→ **Referring expression grounding data**:
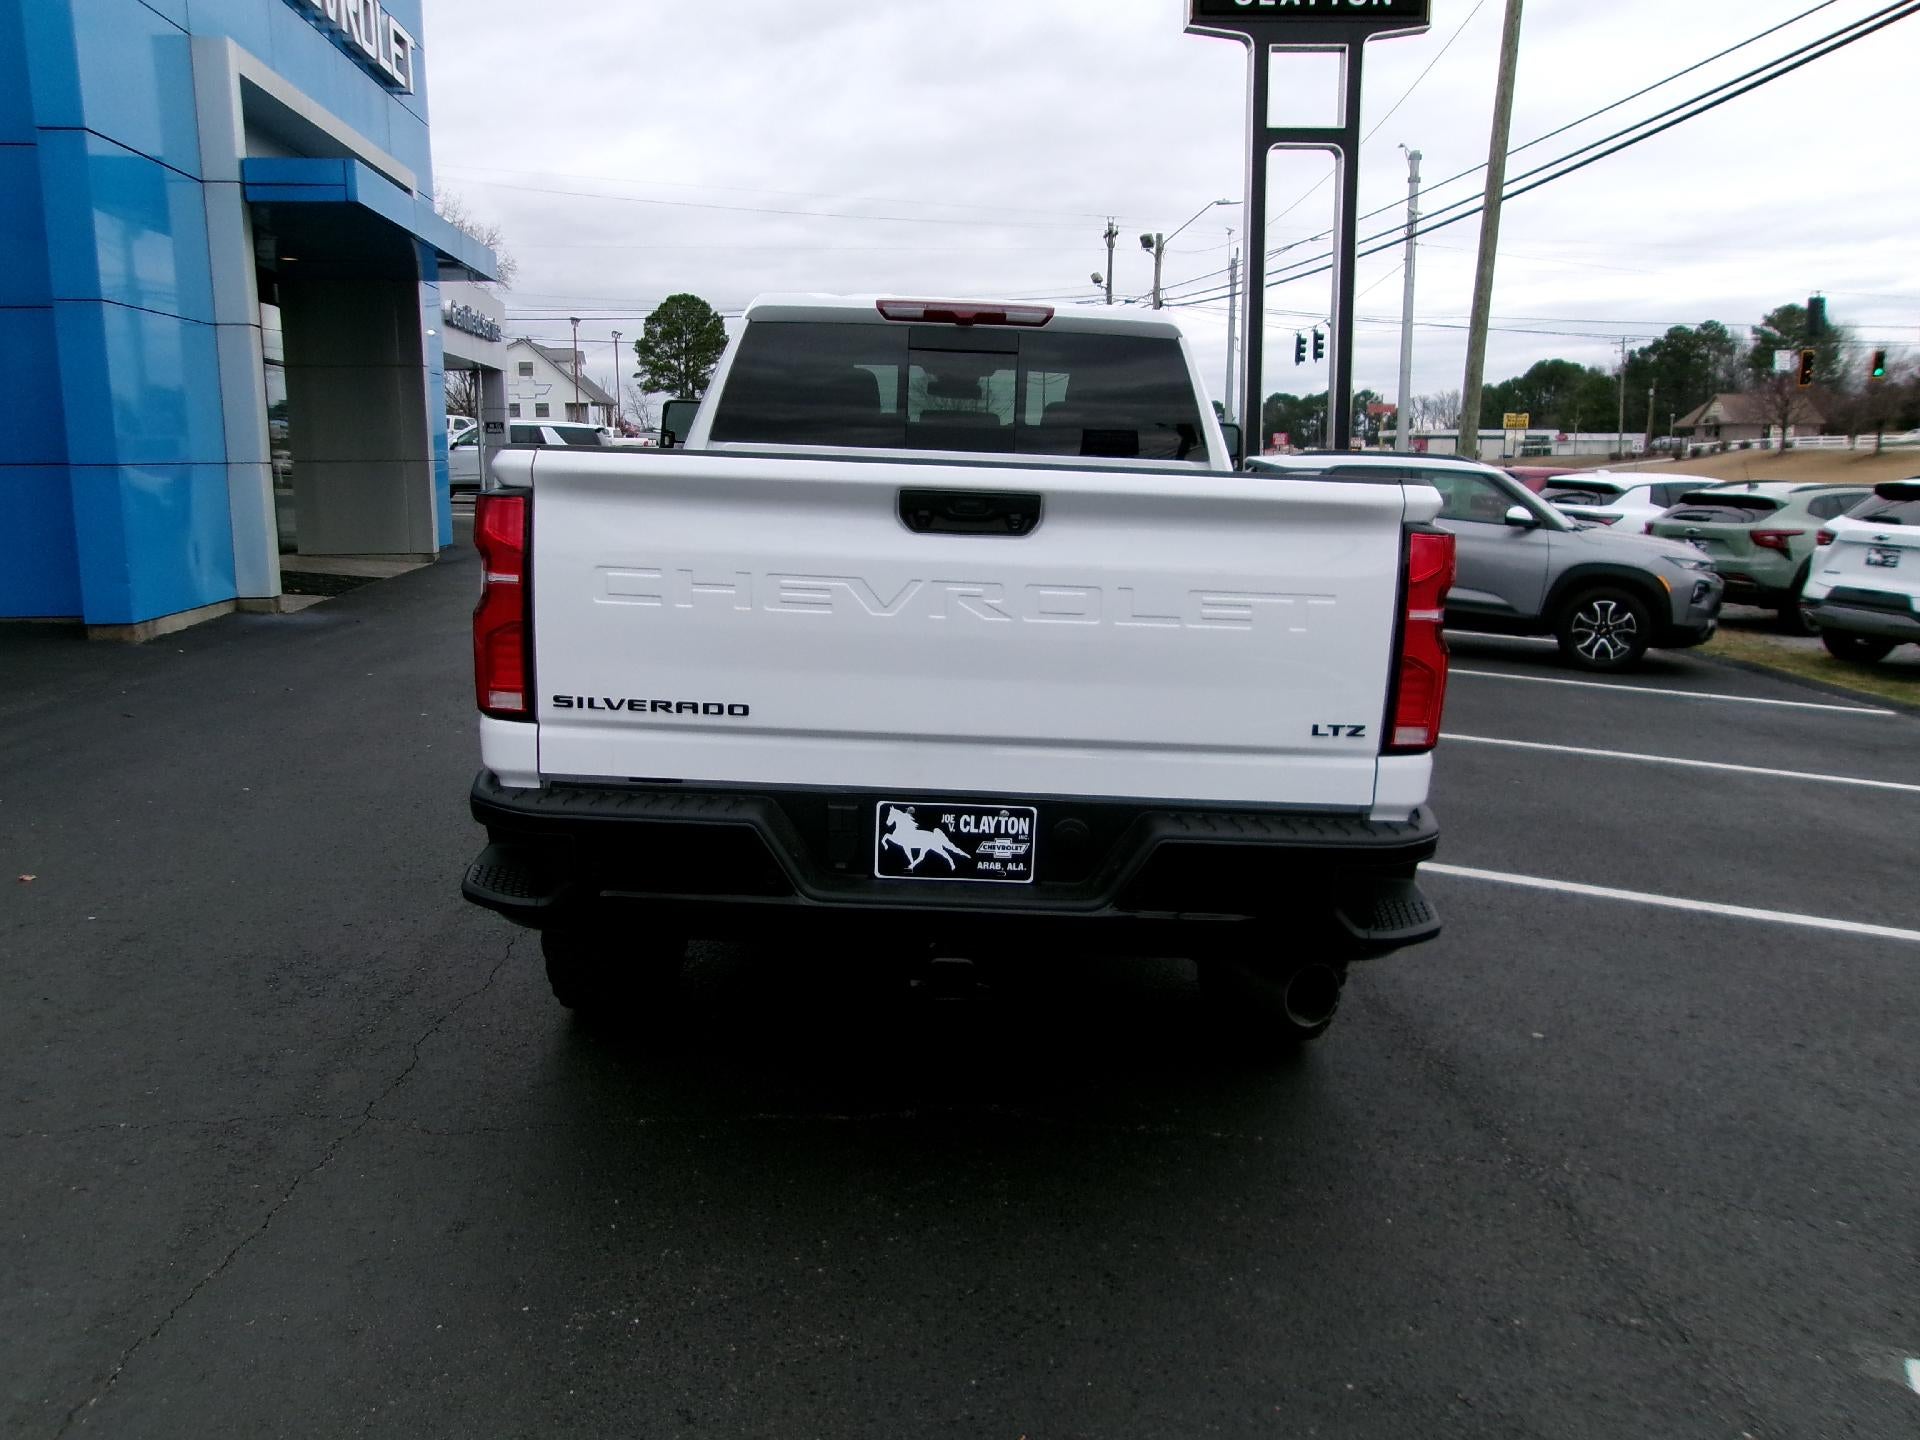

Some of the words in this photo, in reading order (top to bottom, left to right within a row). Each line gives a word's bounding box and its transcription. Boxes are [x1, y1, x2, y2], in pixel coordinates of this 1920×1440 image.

[308, 0, 417, 95] ROLET
[593, 564, 1337, 633] CHEVROLET
[552, 694, 750, 717] SILVERADO
[1311, 724, 1366, 737] LTZ
[941, 814, 956, 823] JOE
[959, 814, 1029, 834] CLAYTON
[948, 823, 956, 833] V.
[1007, 862, 1027, 871] ALA.

→ **TO DO**: All entries need to be duplicated exactly, apart from the images.

→ **ANSWER BELOW**:
Some of the words in this photo, in reading order (top to bottom, left to right within a row). Each line gives a word's bounding box and its transcription. Boxes are [x1, y1, x2, y2], in pixel coordinates of this 1920×1440 image.

[308, 0, 417, 95] ROLET
[593, 564, 1337, 633] CHEVROLET
[552, 694, 750, 717] SILVERADO
[1311, 724, 1366, 737] LTZ
[941, 814, 956, 823] JOE
[959, 814, 1029, 834] CLAYTON
[948, 823, 956, 833] V.
[1007, 862, 1027, 871] ALA.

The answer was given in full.